> **Problem to solve**
Each entry should be repeated exactly. Its pictures should not be.

Spatial localization data
------
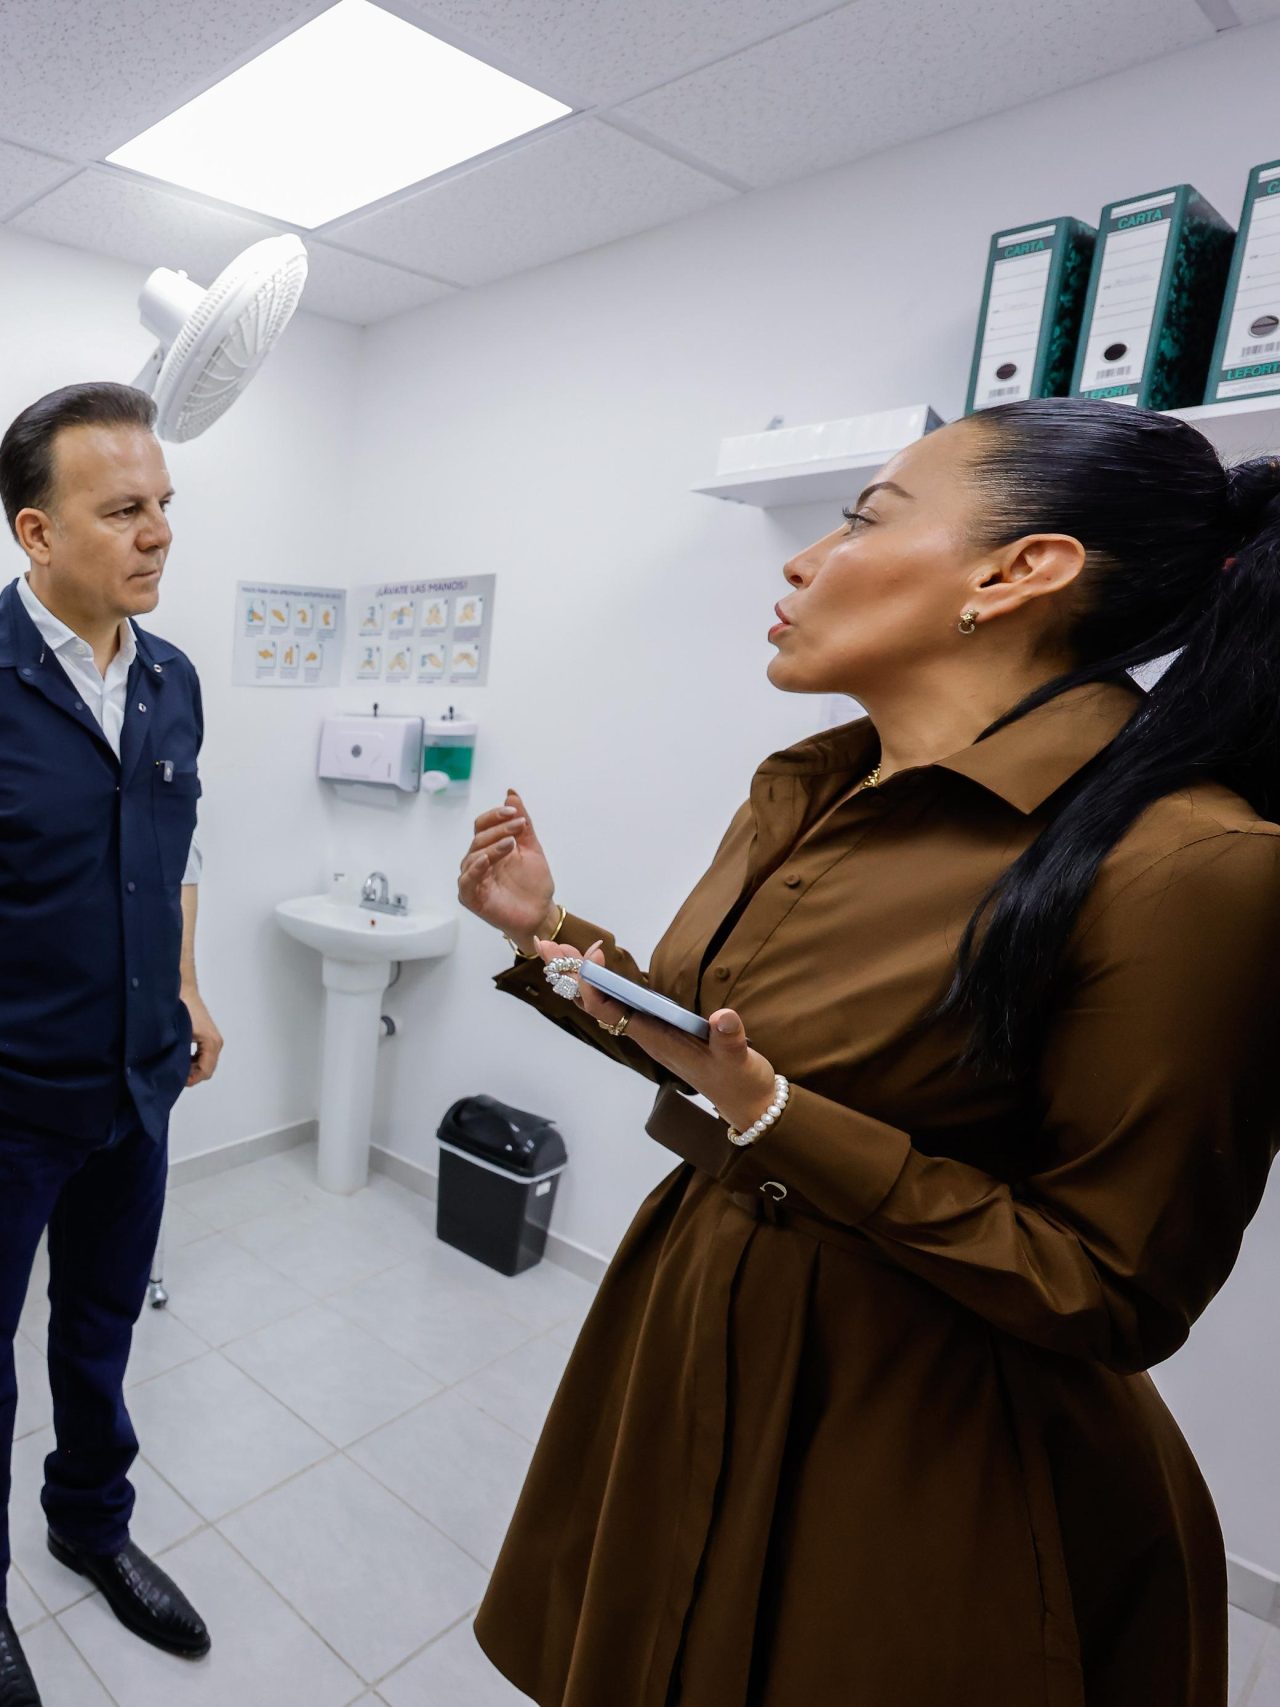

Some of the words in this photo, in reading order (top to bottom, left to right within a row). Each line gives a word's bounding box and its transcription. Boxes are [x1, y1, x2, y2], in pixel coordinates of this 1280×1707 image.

[1118, 208, 1162, 229] CARTA
[1005, 239, 1045, 258] CARTA
[1227, 362, 1279, 380] LEFORT
[410, 583, 426, 594] LAS
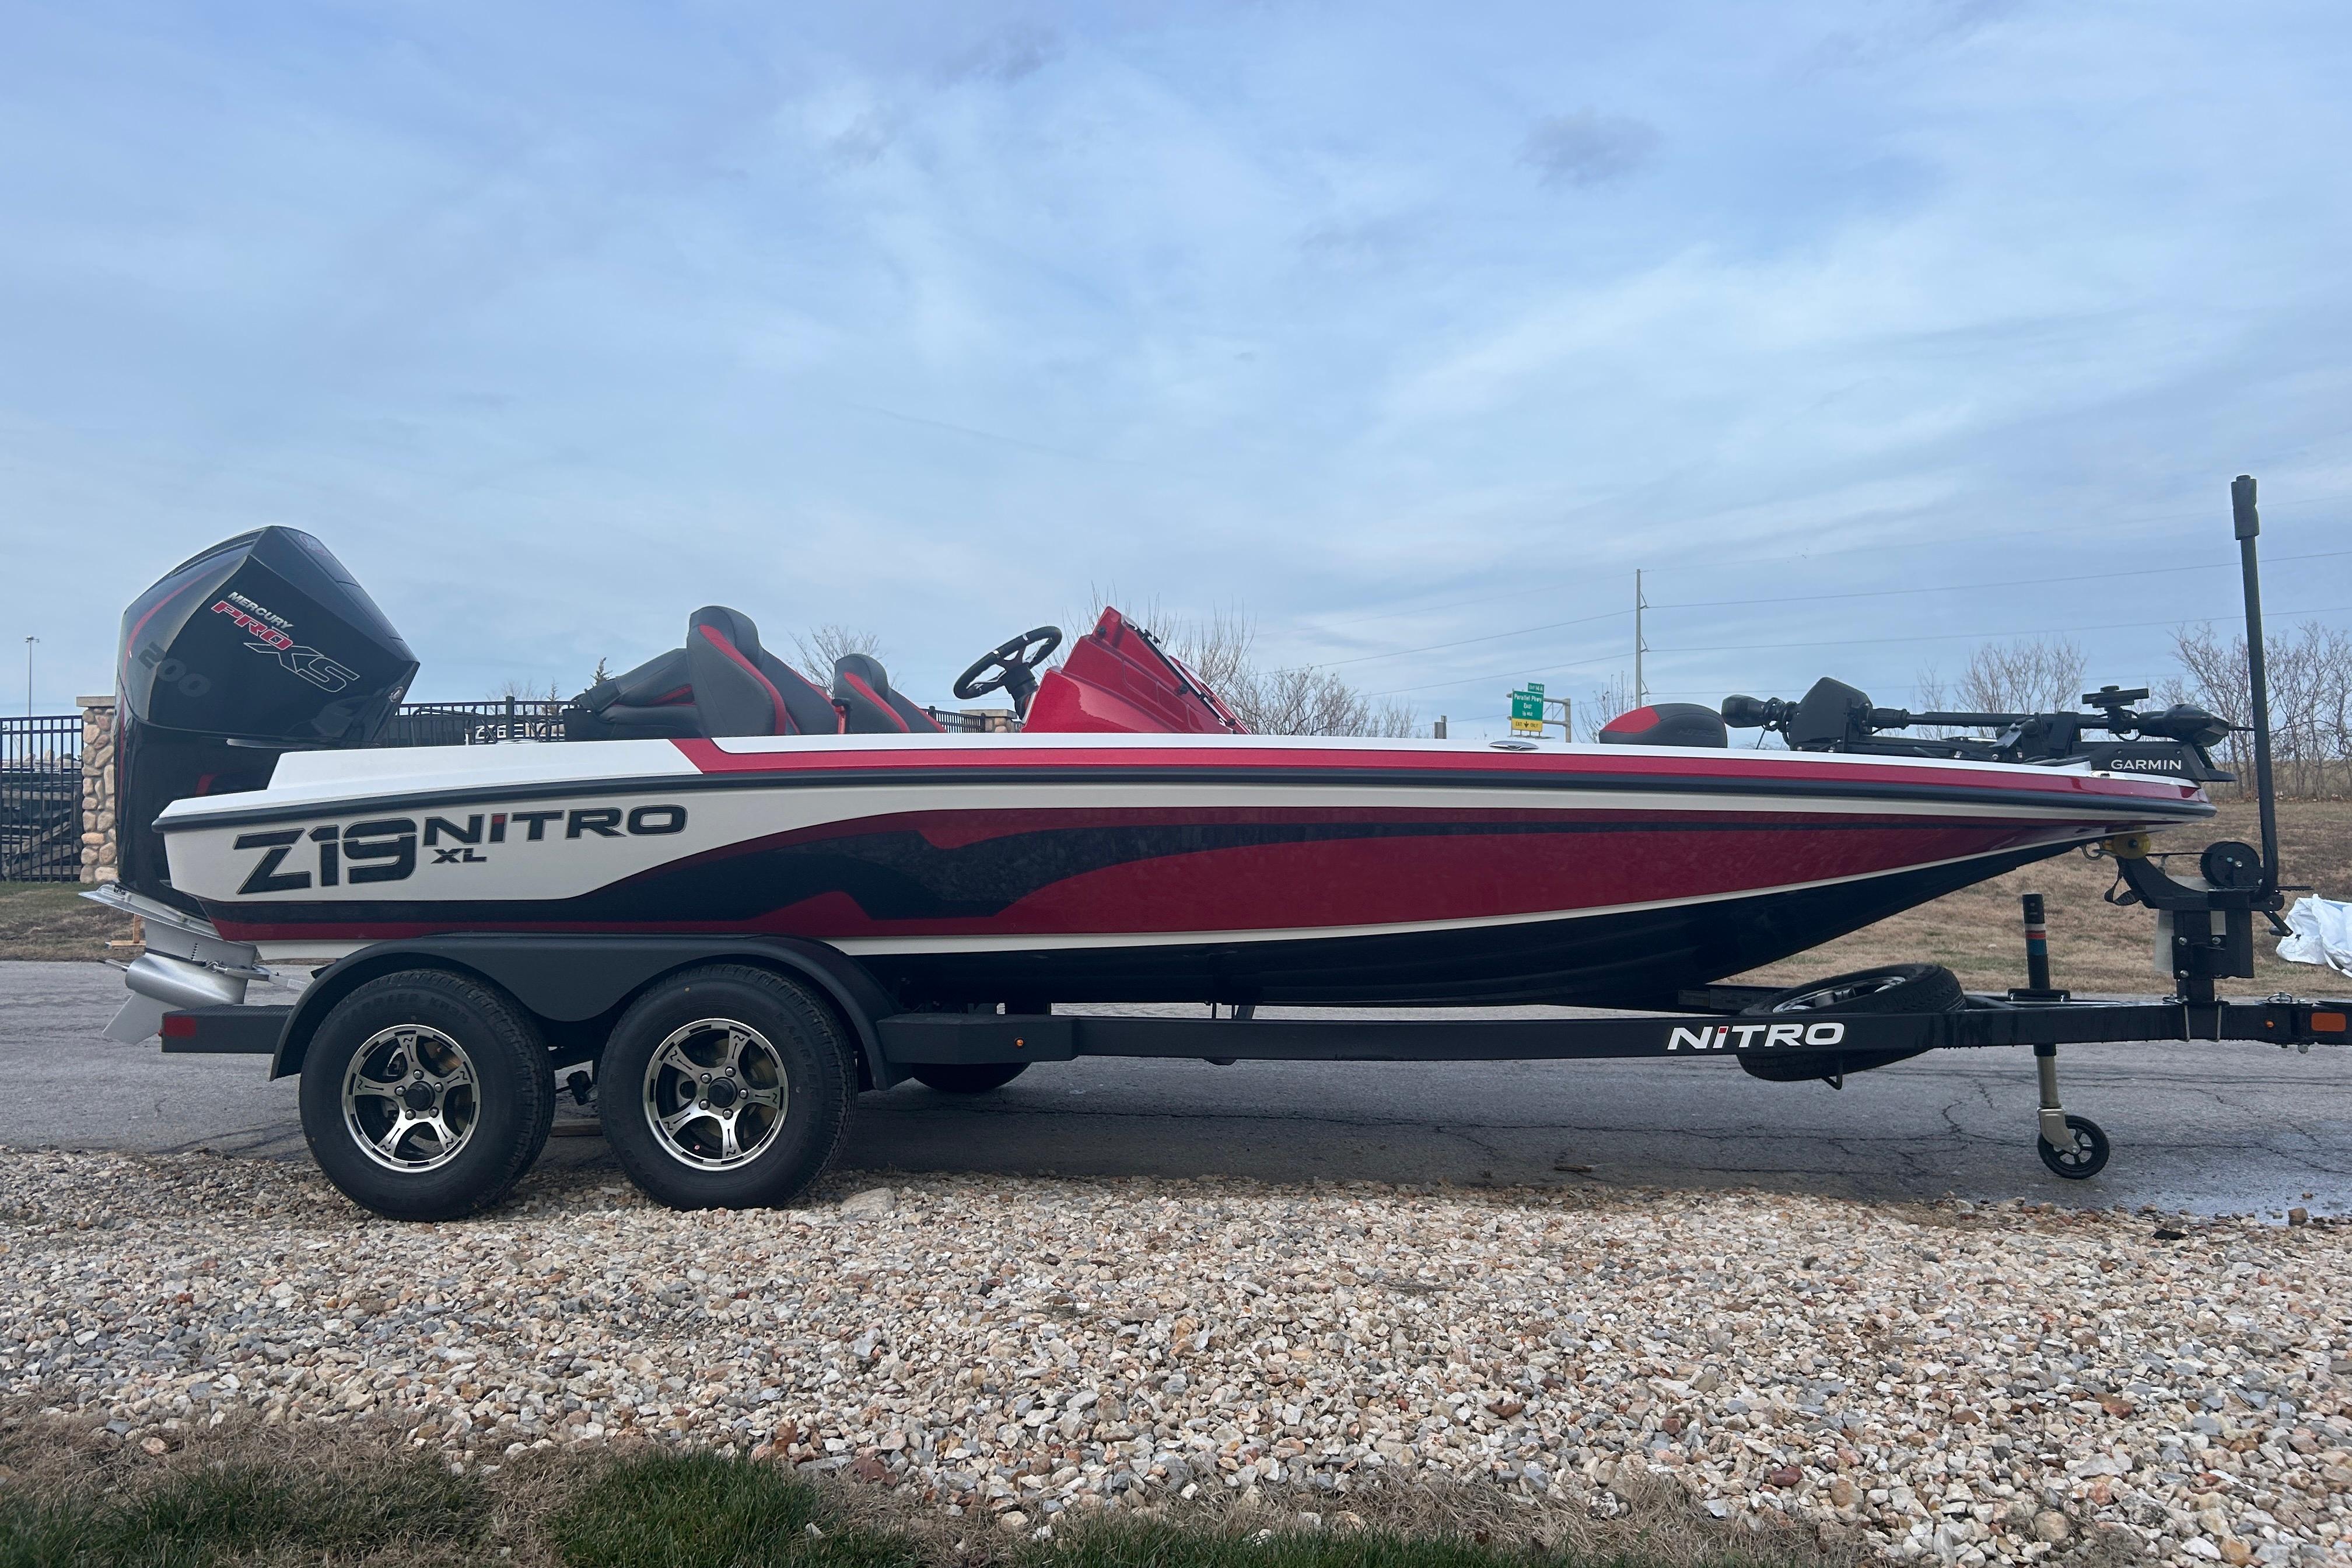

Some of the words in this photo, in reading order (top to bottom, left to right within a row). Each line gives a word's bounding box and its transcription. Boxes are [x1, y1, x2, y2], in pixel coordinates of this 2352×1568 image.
------
> **Your response**
Some of the words in this photo, in reading order (top to bottom, left to right within a row). Each line gives a word's bounding box and its transcription. Boxes are [x1, y1, x2, y2], in pixel coordinates of this 1280×1707 image.

[1118, 208, 1162, 229] CARTA
[1005, 239, 1045, 258] CARTA
[1227, 362, 1279, 380] LEFORT
[410, 583, 426, 594] LAS

Some of the words in this photo, in reading order (top to bottom, left to right within a row). Each line gives a word's bounding box and its transcription. Boxes are [x1, y1, x2, y2], in pixel coordinates of this 2352×1568 image.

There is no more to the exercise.